How to complete this task:
Restate, in full and unchanged, the entries that follow, but not their pictures.

Input data:
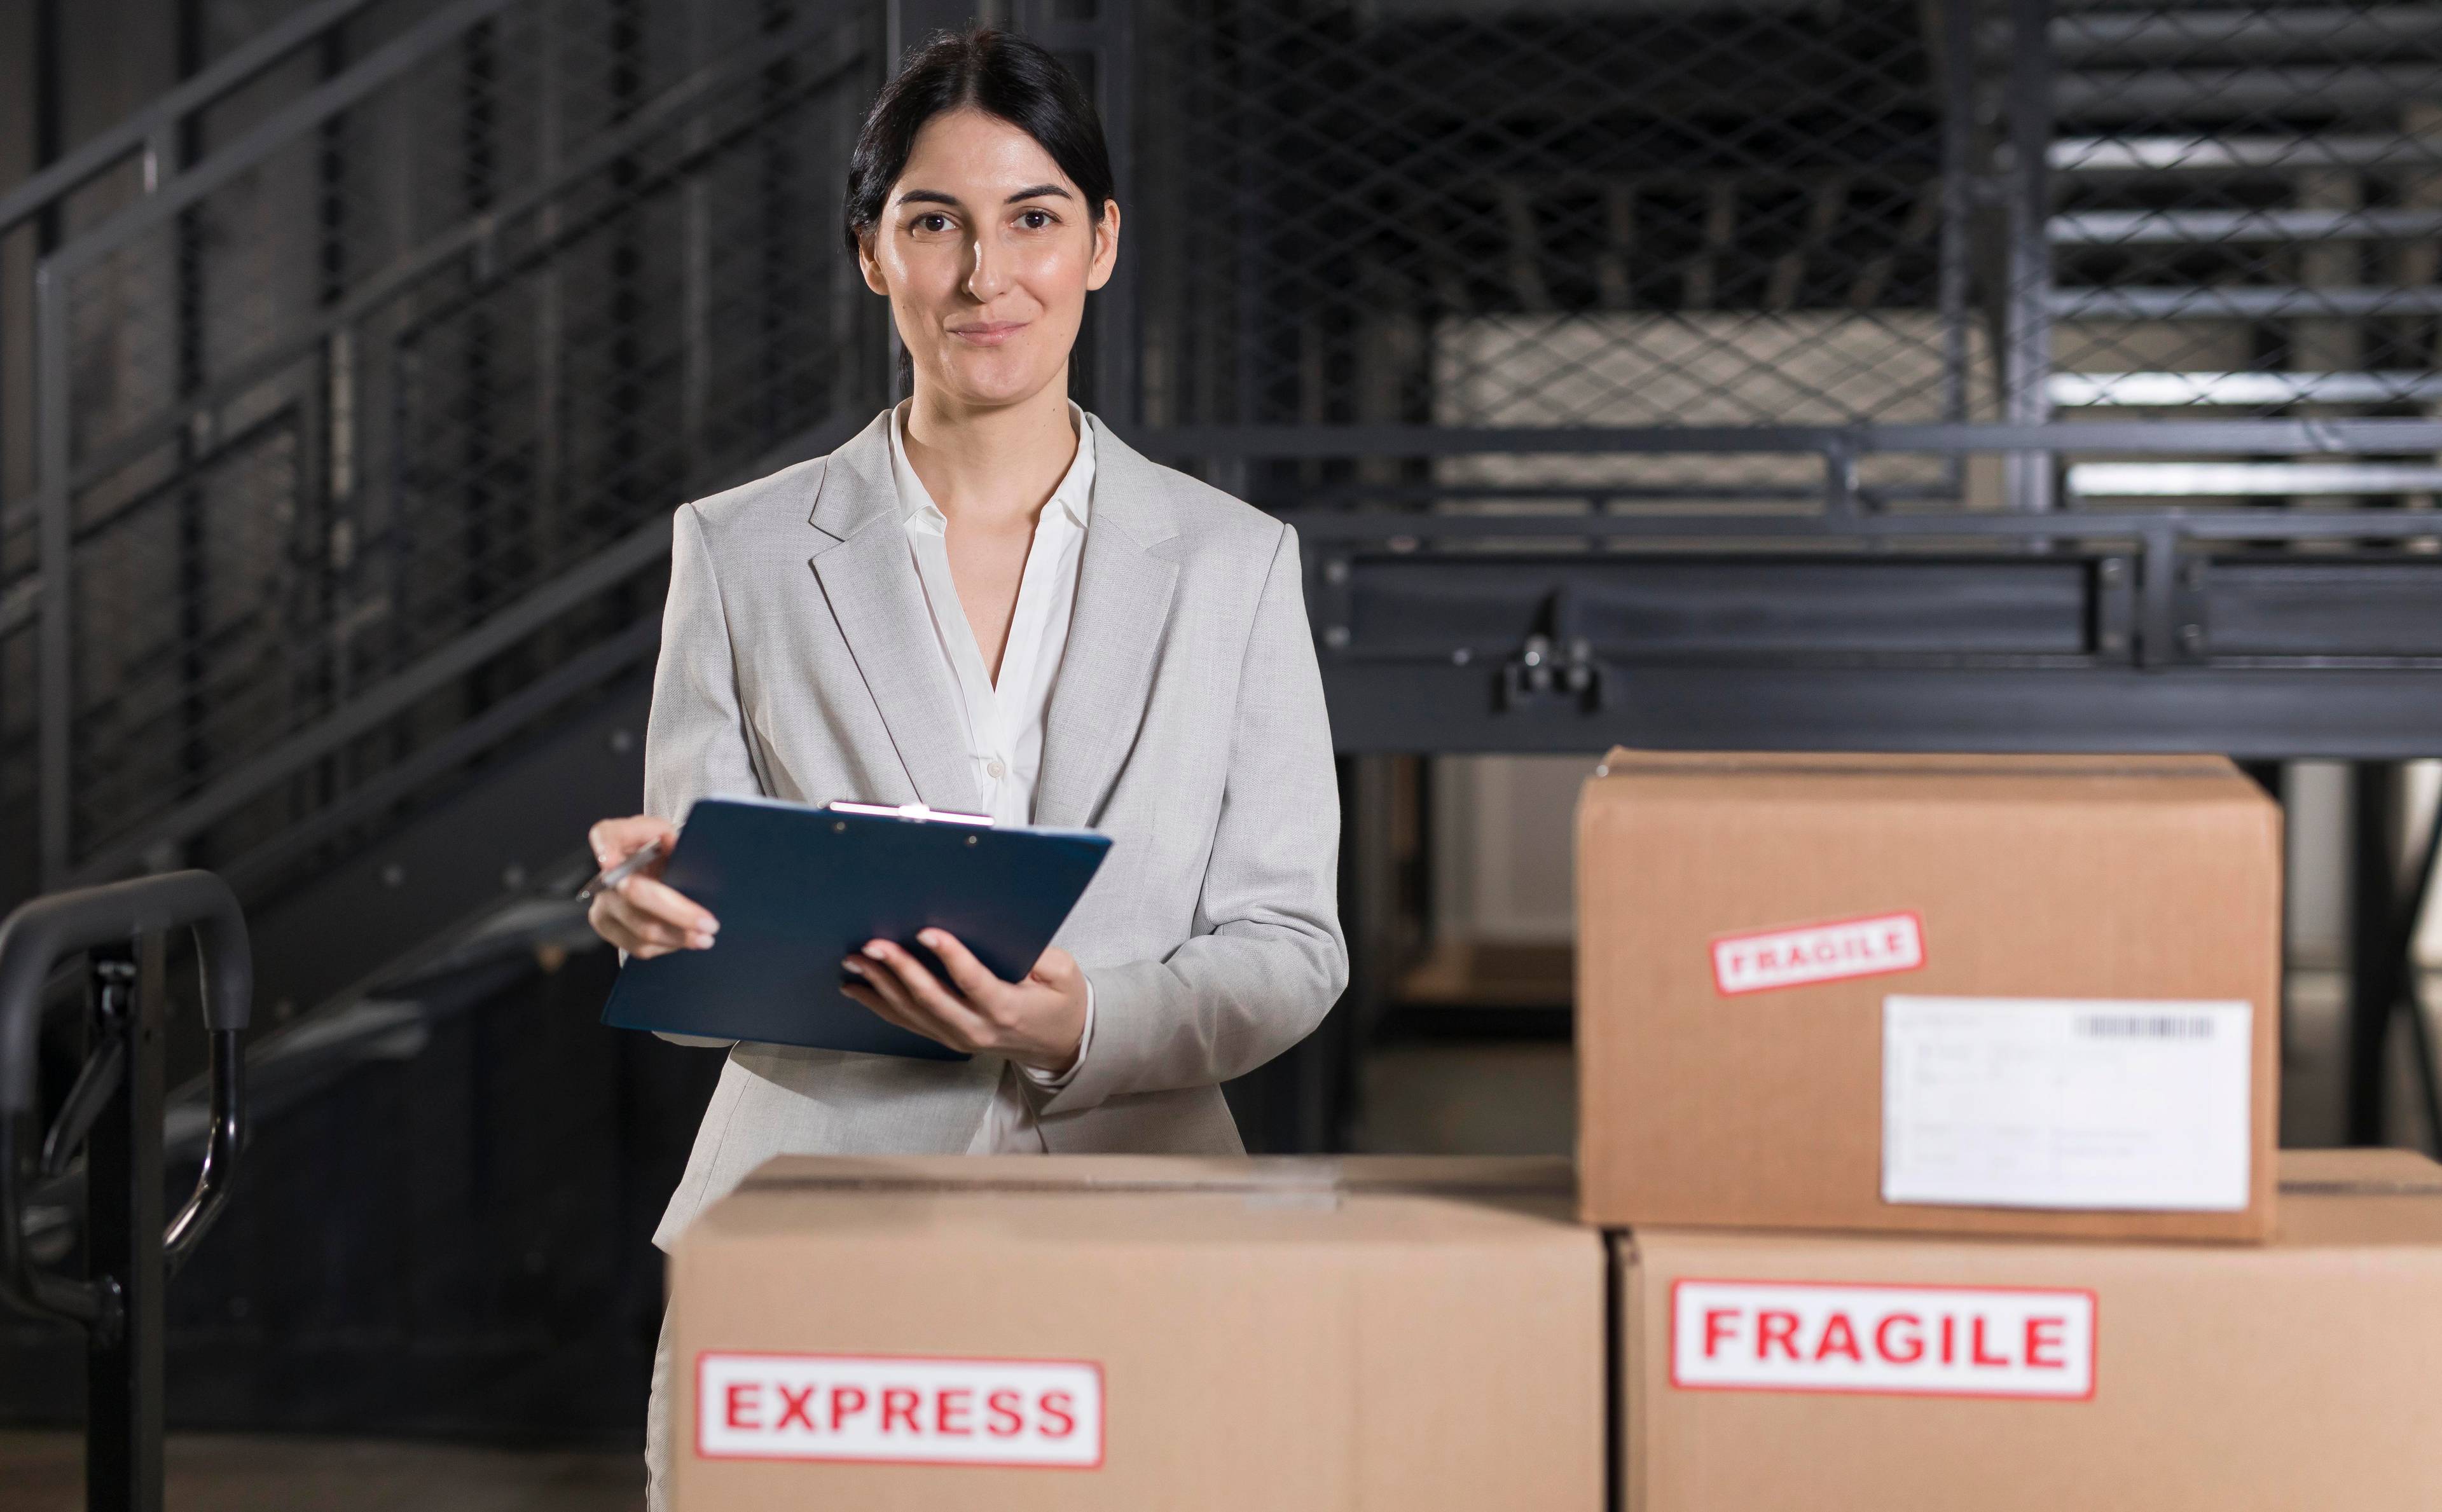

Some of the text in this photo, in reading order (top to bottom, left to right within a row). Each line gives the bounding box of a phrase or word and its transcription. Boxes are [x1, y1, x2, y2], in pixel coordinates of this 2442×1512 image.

[1731, 930, 1905, 973] FRAGILE
[1703, 1307, 2067, 1369] FRAGILE
[724, 1381, 1077, 1438] EXPRESS
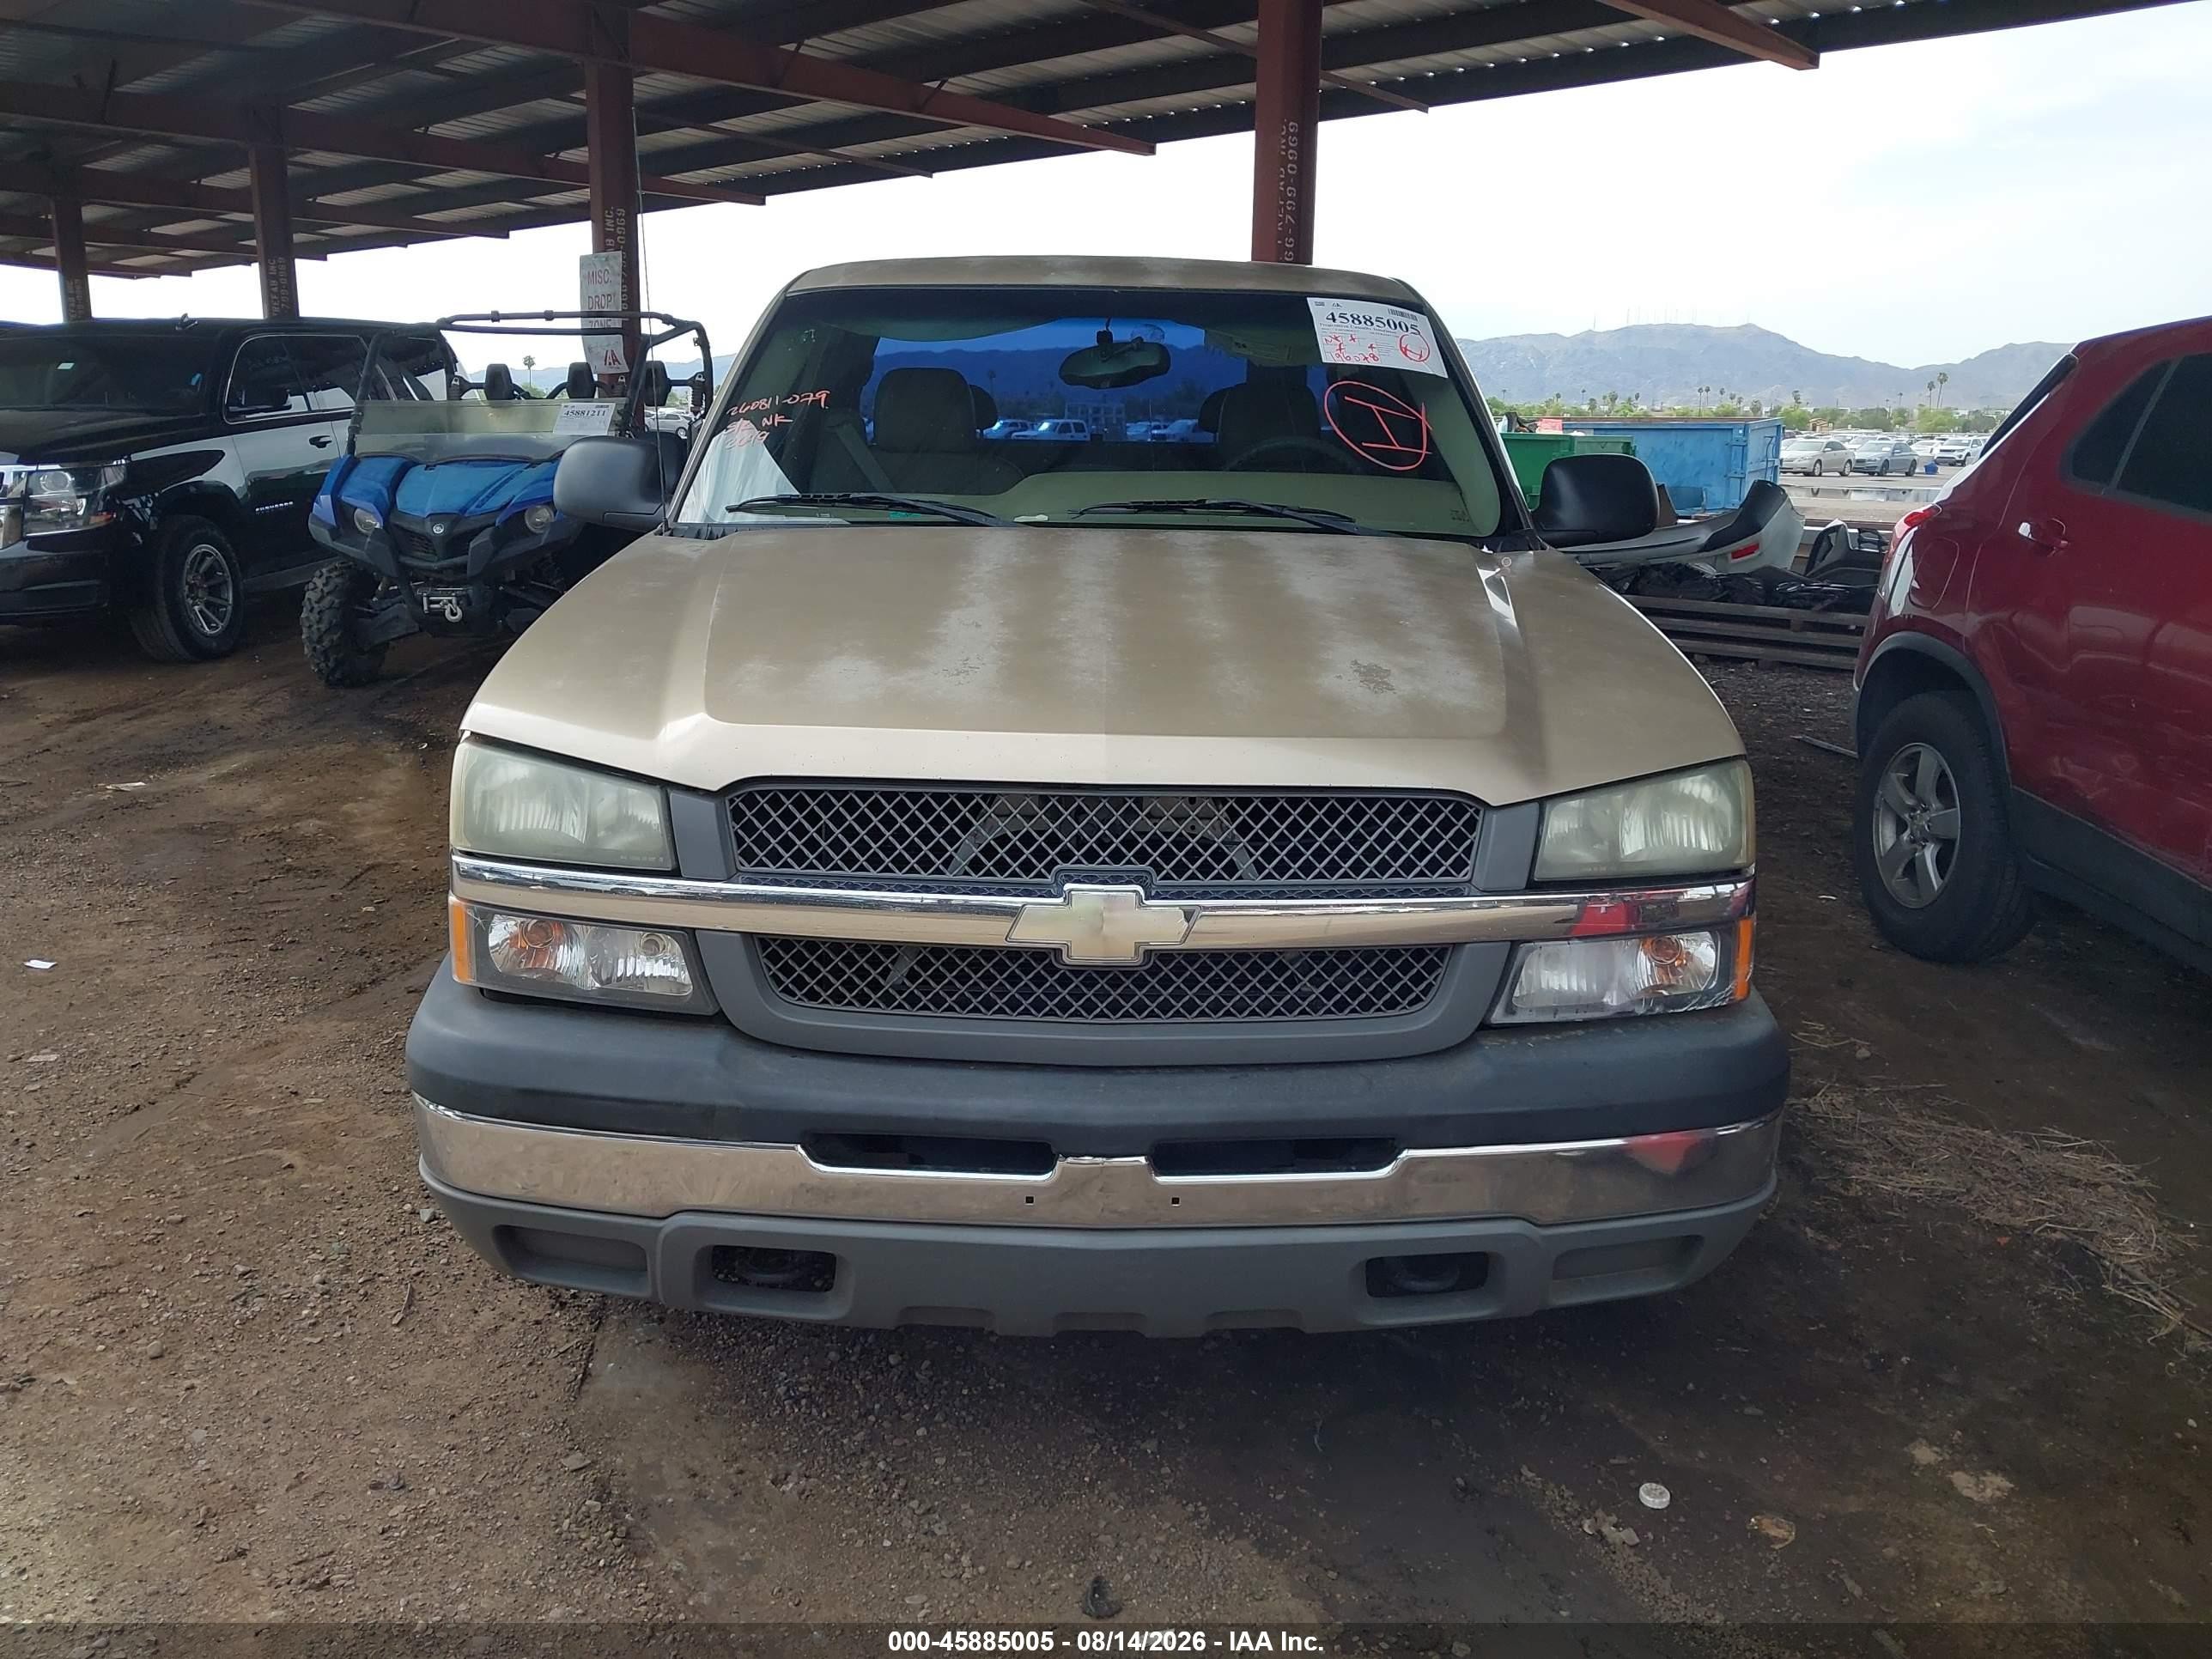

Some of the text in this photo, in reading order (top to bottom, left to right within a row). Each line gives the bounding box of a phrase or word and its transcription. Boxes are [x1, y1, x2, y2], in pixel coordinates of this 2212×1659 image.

Task output:
Some of the text in this photo, in reading order (top to bottom, left to right within a row). Each line gives the bounding box of a phrase or word and its transcription. Boxes are [x1, y1, x2, y2], in pixel coordinates of this 2442×1512 image.

[1731, 930, 1905, 973] FRAGILE
[1703, 1307, 2067, 1369] FRAGILE
[724, 1381, 1077, 1438] EXPRESS

Some of the text in this photo, in reading order (top to bottom, left to right within a row). Each line gives the bounding box of a phrase or word and its transcription. Boxes are [x1, y1, x2, y2], in pixel coordinates of this 2212×1659 image.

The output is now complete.